What you have to do | Once the line with "this 1920×1263 image." is found, repeat exactly that line and every one after it until the data below ends, including the last line.
:: Extracted records
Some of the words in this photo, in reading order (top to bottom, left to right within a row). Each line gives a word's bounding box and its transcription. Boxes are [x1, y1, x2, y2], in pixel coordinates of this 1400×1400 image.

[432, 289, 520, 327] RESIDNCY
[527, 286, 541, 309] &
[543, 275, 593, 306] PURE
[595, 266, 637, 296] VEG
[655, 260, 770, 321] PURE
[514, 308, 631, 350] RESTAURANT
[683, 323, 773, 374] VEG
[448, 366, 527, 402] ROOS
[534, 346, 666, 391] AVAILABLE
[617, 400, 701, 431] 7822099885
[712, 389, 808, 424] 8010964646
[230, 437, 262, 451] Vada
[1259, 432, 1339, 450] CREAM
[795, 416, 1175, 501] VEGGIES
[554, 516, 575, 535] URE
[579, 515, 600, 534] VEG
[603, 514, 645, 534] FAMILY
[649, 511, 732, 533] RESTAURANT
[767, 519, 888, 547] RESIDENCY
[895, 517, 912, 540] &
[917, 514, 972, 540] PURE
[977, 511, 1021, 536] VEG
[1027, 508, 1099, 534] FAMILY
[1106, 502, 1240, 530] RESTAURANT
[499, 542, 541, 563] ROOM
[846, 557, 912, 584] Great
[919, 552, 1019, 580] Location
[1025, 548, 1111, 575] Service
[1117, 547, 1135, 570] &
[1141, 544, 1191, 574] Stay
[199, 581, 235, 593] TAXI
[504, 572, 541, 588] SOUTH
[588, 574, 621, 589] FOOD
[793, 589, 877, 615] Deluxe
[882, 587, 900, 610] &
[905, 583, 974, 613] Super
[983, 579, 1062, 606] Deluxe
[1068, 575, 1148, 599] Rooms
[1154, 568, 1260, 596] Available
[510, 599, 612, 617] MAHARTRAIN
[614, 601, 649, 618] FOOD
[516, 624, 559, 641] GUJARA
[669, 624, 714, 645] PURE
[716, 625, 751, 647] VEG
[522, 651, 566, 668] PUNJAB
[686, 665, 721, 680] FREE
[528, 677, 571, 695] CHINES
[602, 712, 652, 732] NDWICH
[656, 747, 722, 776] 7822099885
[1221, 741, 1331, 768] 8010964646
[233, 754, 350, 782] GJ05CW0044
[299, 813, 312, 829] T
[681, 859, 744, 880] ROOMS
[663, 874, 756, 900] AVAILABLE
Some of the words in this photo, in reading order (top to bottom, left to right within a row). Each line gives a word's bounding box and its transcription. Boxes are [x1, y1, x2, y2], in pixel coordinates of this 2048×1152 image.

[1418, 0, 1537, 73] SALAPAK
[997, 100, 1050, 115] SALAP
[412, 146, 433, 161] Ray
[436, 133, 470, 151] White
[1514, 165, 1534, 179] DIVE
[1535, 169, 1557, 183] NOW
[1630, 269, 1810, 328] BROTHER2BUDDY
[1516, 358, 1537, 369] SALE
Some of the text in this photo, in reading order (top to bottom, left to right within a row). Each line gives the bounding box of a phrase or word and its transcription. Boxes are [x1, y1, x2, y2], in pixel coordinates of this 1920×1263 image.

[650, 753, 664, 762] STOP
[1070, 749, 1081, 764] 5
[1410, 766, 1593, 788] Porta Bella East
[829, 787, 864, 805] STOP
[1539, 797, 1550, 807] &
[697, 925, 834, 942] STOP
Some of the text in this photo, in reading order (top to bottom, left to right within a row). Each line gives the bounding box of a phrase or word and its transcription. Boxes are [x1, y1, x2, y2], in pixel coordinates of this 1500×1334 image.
::::
Reply to the exercise |
Some of the text in this photo, in reading order (top to bottom, left to right within a row). Each line gives the bounding box of a phrase or word and its transcription. Boxes are [x1, y1, x2, y2], in pixel coordinates of this 1920×1263 image.

[650, 753, 664, 762] STOP
[1070, 749, 1081, 764] 5
[1410, 766, 1593, 788] Porta Bella East
[829, 787, 864, 805] STOP
[1539, 797, 1550, 807] &
[697, 925, 834, 942] STOP
Some of the text in this photo, in reading order (top to bottom, left to right within a row). Each line gives the bounding box of a phrase or word and its transcription. Boxes are [x1, y1, x2, y2], in pixel coordinates of this 1500×1334 image.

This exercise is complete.